### Action item
Restate, word for word and with no pictures, the stretch of lines in the data below that begins at the line with "this 1250×1667 image." and ends at the line with "this 2048×1365 image.", inclusive.

### Material to process
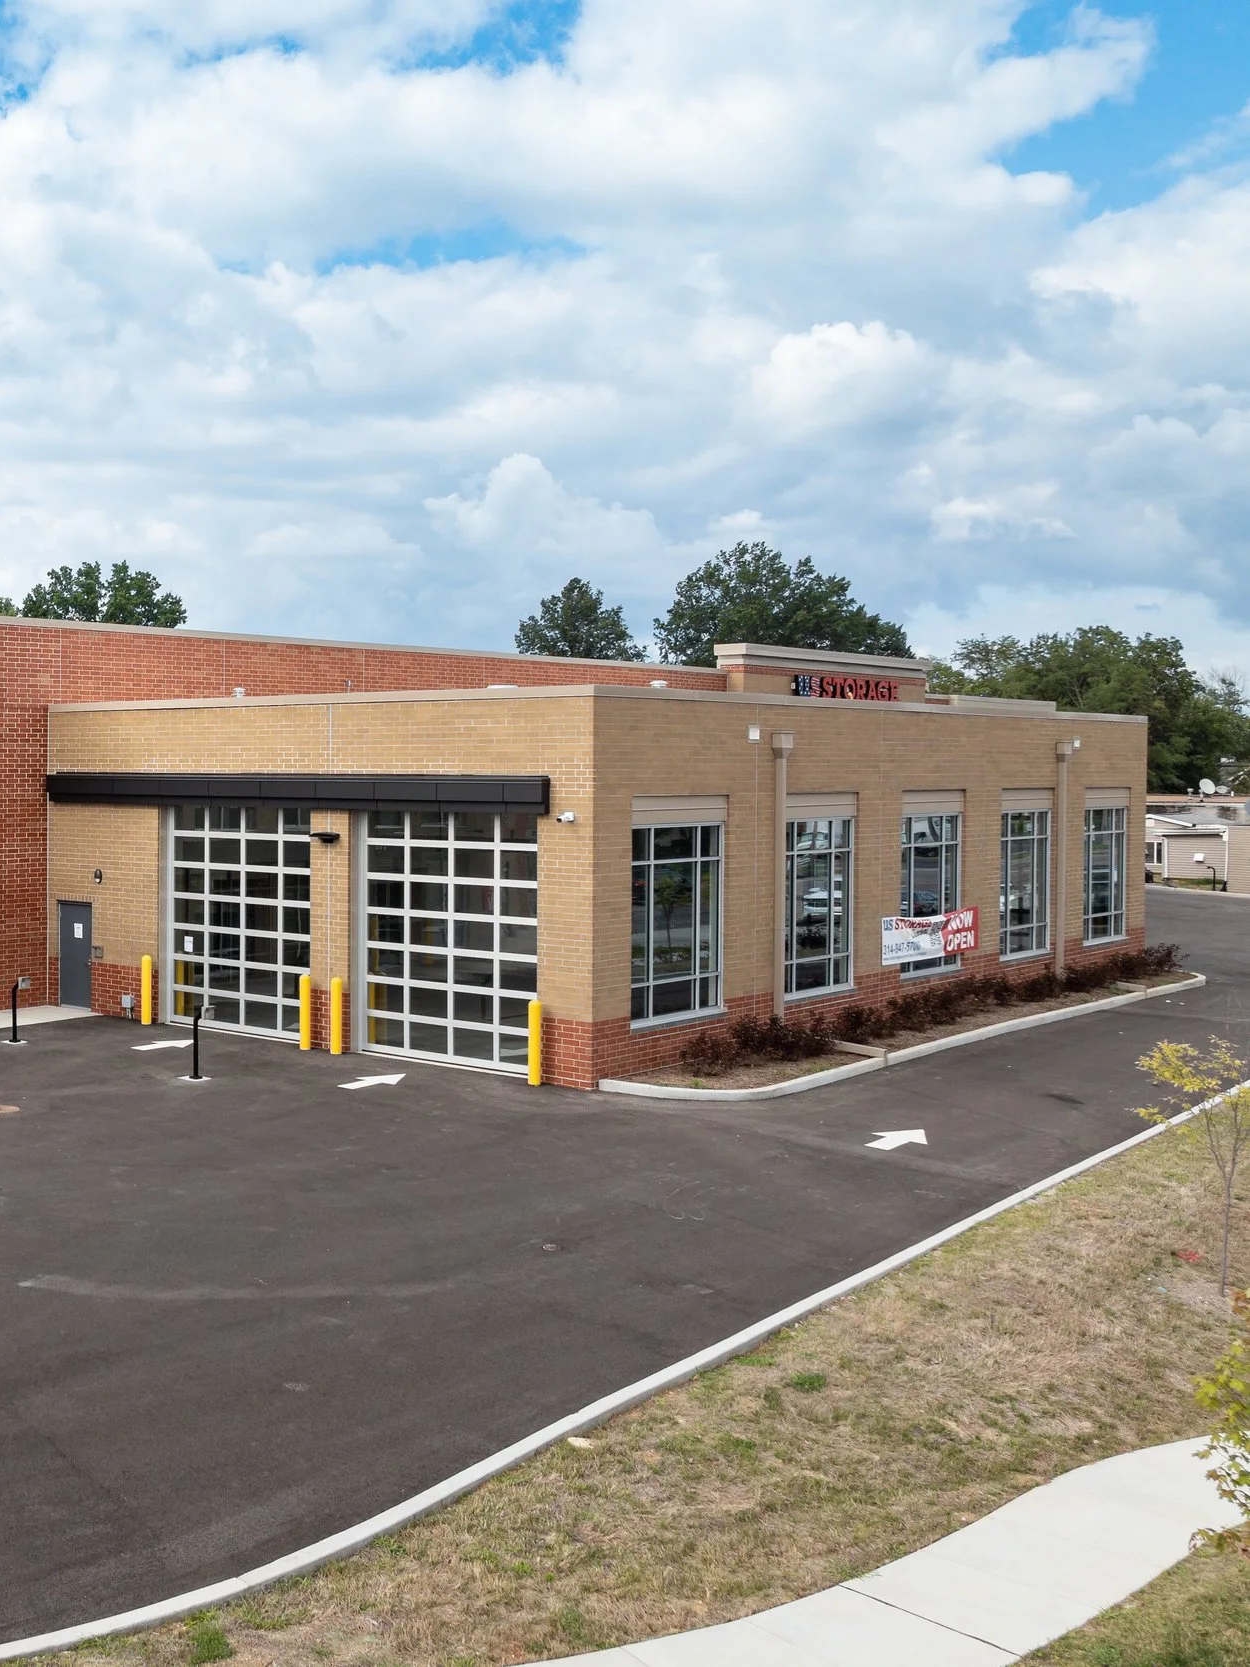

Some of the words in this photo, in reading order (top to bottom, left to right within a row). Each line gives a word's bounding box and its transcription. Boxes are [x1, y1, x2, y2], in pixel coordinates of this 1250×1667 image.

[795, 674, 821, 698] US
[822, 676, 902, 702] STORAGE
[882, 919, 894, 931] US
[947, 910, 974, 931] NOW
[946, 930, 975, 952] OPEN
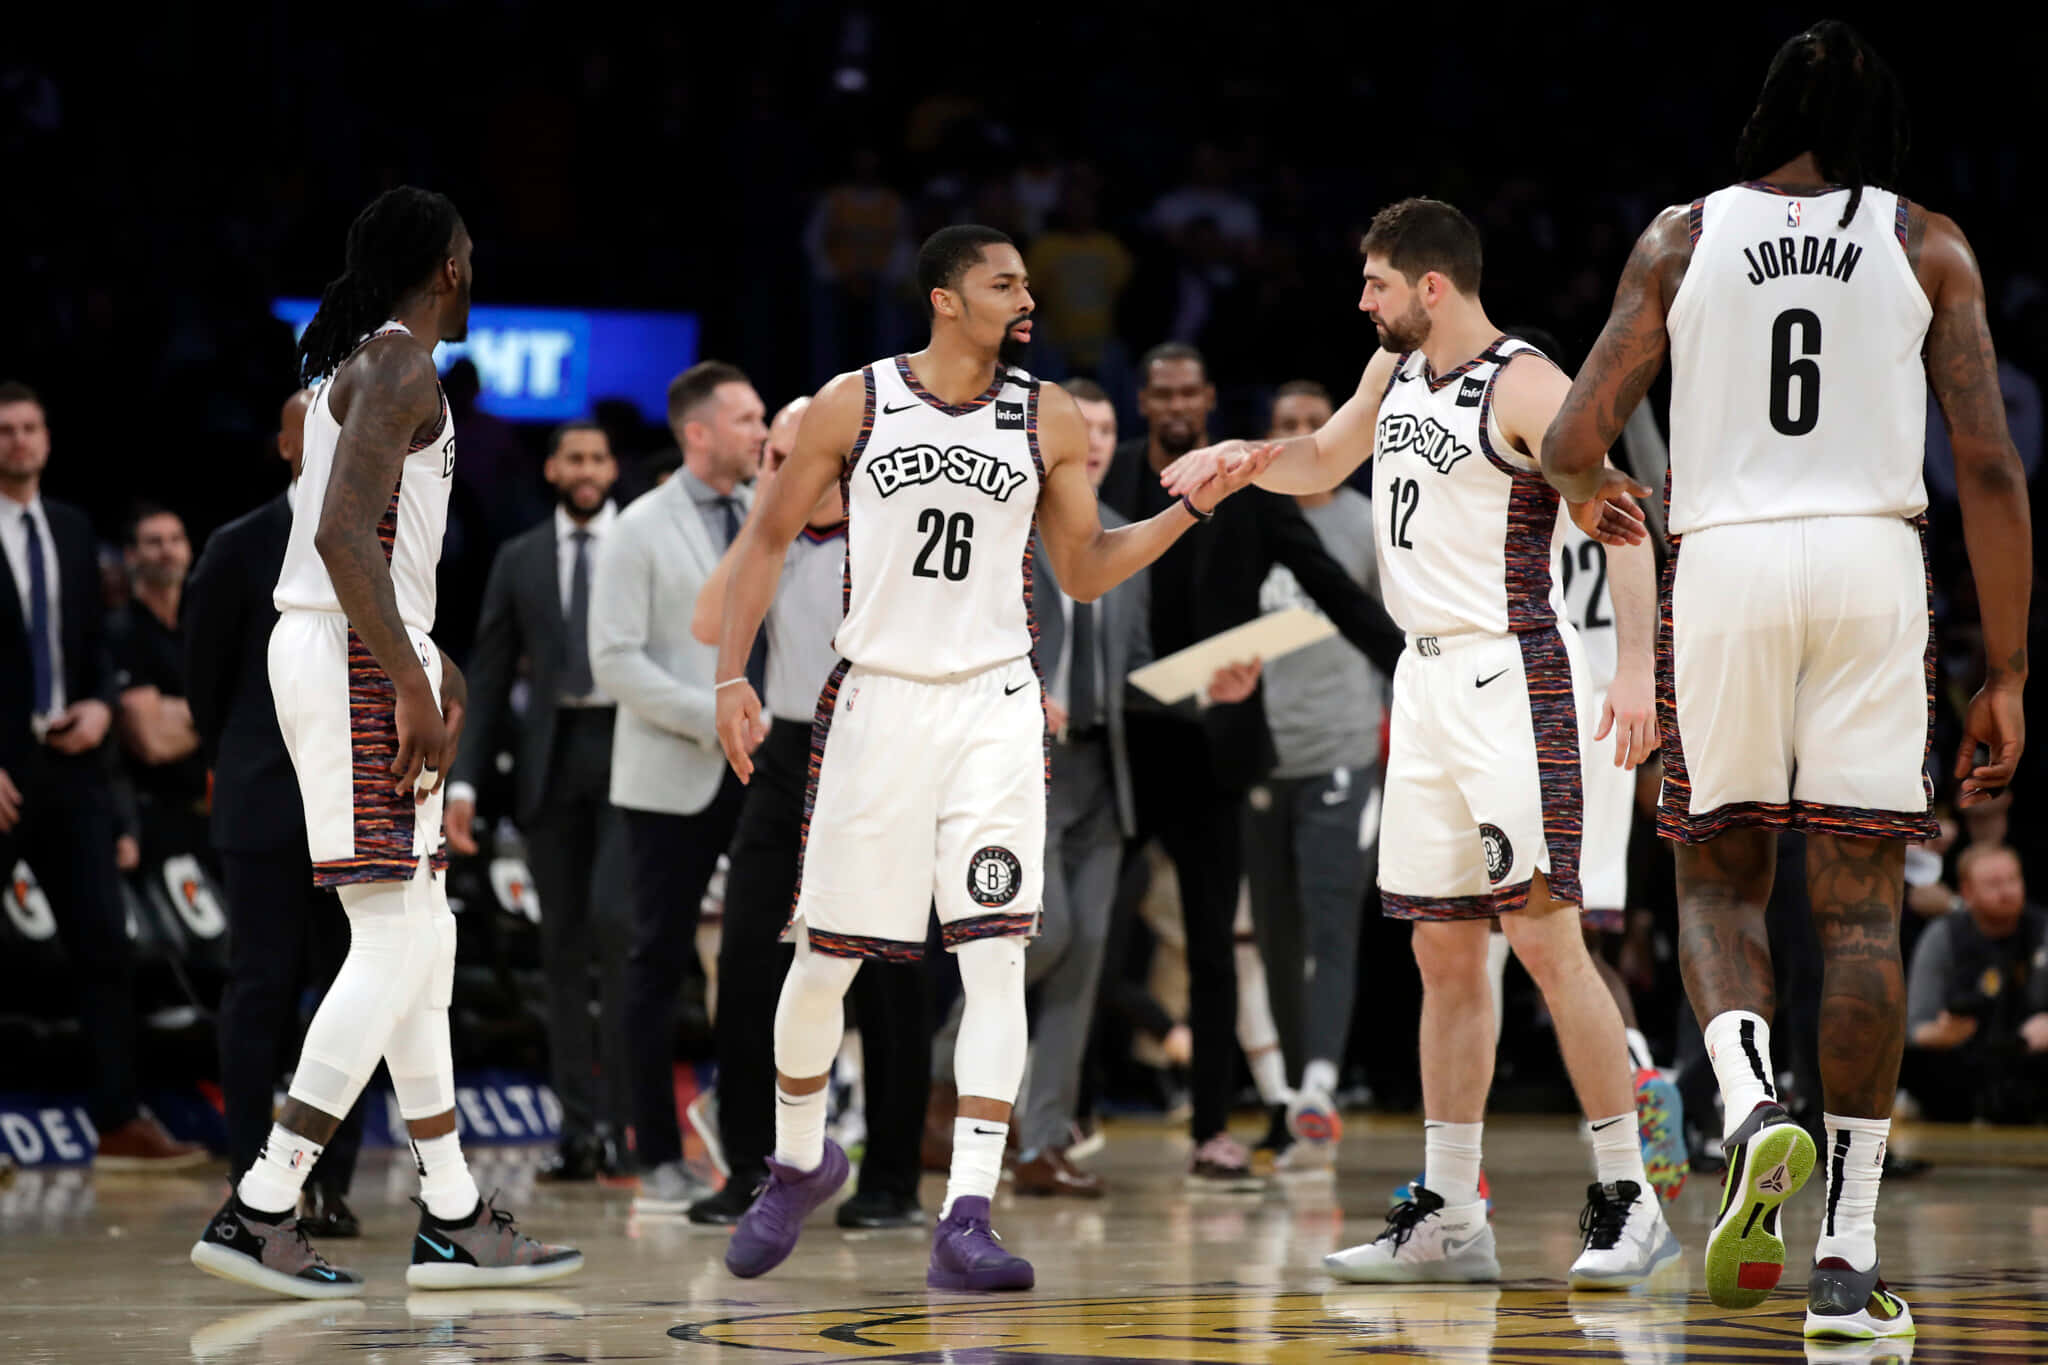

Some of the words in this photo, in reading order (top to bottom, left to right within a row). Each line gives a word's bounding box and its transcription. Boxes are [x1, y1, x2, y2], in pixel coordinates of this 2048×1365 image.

---

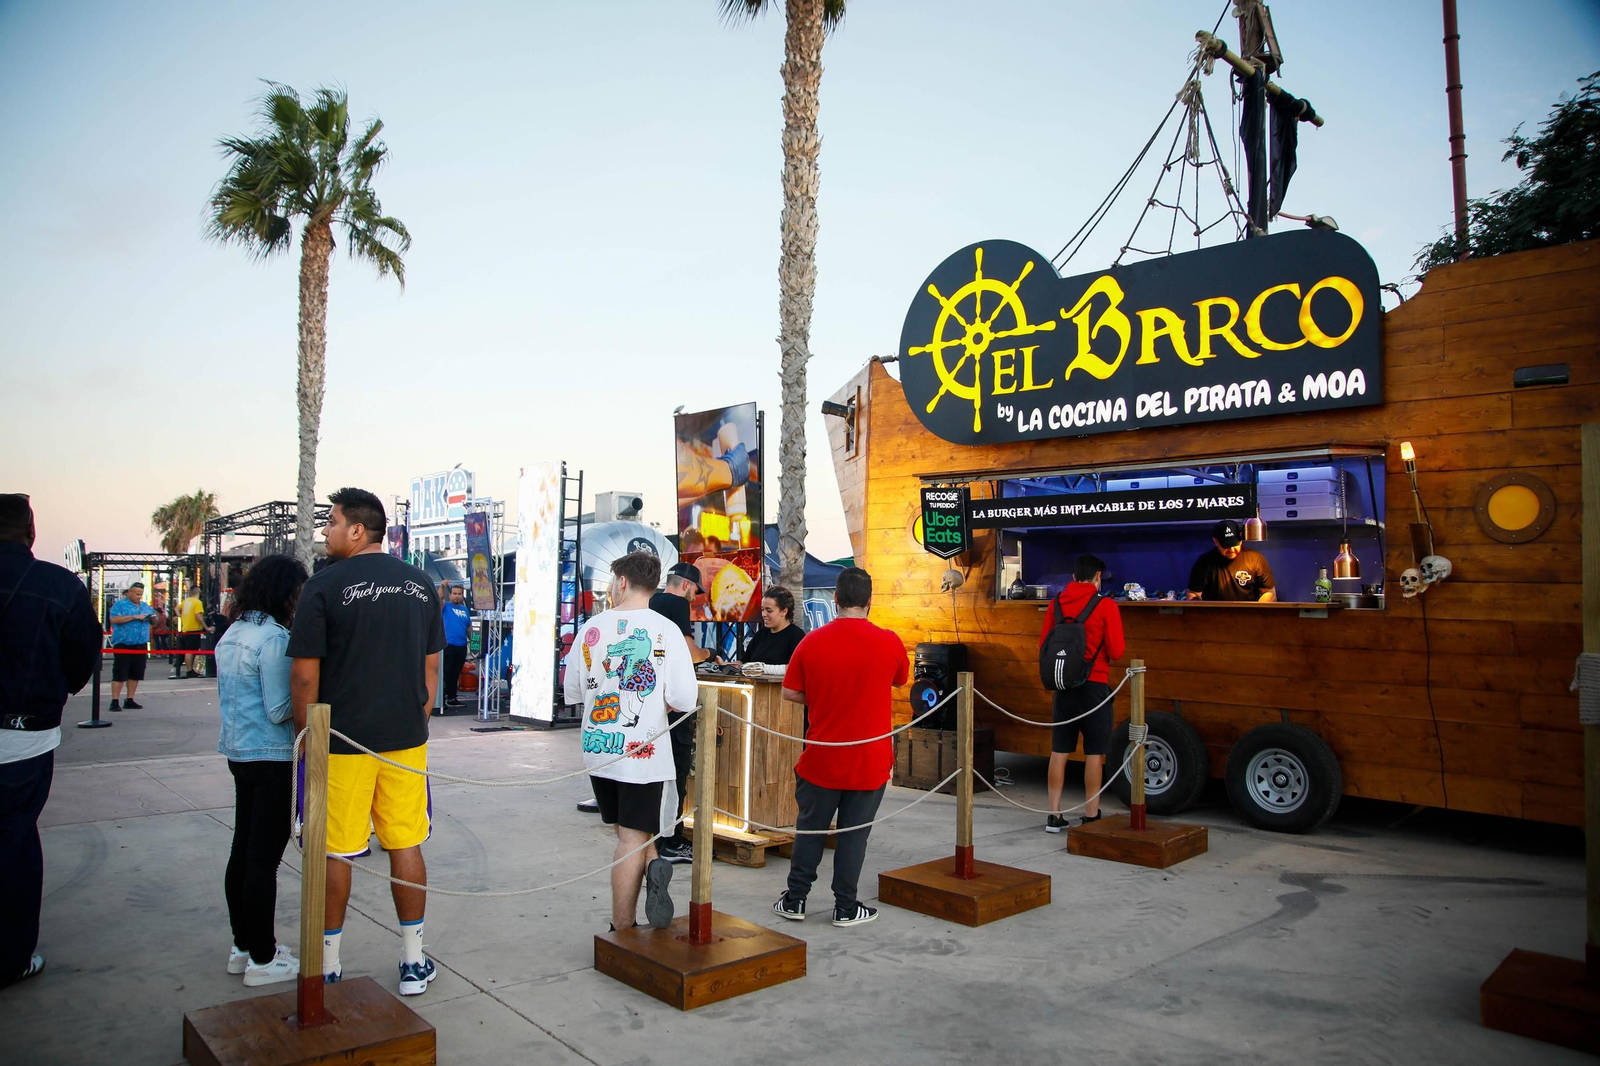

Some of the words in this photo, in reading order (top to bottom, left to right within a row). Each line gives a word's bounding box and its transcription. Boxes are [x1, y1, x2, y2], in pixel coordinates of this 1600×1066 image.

==

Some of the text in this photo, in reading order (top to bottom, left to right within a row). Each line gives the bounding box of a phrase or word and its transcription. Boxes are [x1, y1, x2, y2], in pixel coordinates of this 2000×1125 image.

### Solution to the problem
Some of the words in this photo, in reading order (top to bottom, left to right within a row). Each line gives a word's bounding box and its transcription. Boxes are [x1, y1, x2, y2], in pixel coordinates of this 1250×1667 image.

[795, 674, 821, 698] US
[822, 676, 902, 702] STORAGE
[882, 919, 894, 931] US
[947, 910, 974, 931] NOW
[946, 930, 975, 952] OPEN

Some of the words in this photo, in reading order (top to bottom, left to right within a row). Each line gives a word's bounding box and its transcription. Boxes are [x1, y1, x2, y2], in pixel coordinates of this 2048×1365 image.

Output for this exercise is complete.